- _EXTRACTED INFORMATION_:
##########
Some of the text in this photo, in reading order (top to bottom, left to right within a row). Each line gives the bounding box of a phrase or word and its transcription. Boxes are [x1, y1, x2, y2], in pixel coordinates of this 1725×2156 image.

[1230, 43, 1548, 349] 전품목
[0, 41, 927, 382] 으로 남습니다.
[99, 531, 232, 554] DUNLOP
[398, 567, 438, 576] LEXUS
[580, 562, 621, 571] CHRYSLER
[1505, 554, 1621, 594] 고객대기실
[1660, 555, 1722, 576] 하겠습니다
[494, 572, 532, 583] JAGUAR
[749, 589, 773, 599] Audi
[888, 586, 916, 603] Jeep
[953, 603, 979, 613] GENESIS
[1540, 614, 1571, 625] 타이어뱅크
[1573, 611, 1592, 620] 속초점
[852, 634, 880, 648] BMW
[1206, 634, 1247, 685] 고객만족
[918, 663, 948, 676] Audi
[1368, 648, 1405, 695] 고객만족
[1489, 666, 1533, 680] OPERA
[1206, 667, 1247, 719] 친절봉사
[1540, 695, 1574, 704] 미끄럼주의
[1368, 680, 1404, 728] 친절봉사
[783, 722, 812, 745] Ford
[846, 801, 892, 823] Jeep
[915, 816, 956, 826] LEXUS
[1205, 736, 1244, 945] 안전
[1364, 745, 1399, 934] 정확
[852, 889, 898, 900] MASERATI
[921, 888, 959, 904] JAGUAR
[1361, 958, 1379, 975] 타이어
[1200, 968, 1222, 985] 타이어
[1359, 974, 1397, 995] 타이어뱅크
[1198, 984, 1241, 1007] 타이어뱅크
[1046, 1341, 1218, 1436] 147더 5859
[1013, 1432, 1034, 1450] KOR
##########
- _WORK TO COMPLETE_:
Copy out all of the records verbatim.

- _RESULT OF THIS EXERCISE_:
Some of the text in this photo, in reading order (top to bottom, left to right within a row). Each line gives the bounding box of a phrase or word and its transcription. Boxes are [x1, y1, x2, y2], in pixel coordinates of this 1725×2156 image.

[1230, 43, 1548, 349] 전품목
[0, 41, 927, 382] 으로 남습니다.
[99, 531, 232, 554] DUNLOP
[398, 567, 438, 576] LEXUS
[580, 562, 621, 571] CHRYSLER
[1505, 554, 1621, 594] 고객대기실
[1660, 555, 1722, 576] 하겠습니다
[494, 572, 532, 583] JAGUAR
[749, 589, 773, 599] Audi
[888, 586, 916, 603] Jeep
[953, 603, 979, 613] GENESIS
[1540, 614, 1571, 625] 타이어뱅크
[1573, 611, 1592, 620] 속초점
[852, 634, 880, 648] BMW
[1206, 634, 1247, 685] 고객만족
[918, 663, 948, 676] Audi
[1368, 648, 1405, 695] 고객만족
[1489, 666, 1533, 680] OPERA
[1206, 667, 1247, 719] 친절봉사
[1540, 695, 1574, 704] 미끄럼주의
[1368, 680, 1404, 728] 친절봉사
[783, 722, 812, 745] Ford
[846, 801, 892, 823] Jeep
[915, 816, 956, 826] LEXUS
[1205, 736, 1244, 945] 안전
[1364, 745, 1399, 934] 정확
[852, 889, 898, 900] MASERATI
[921, 888, 959, 904] JAGUAR
[1361, 958, 1379, 975] 타이어
[1200, 968, 1222, 985] 타이어
[1359, 974, 1397, 995] 타이어뱅크
[1198, 984, 1241, 1007] 타이어뱅크
[1046, 1341, 1218, 1436] 147더 5859
[1013, 1432, 1034, 1450] KOR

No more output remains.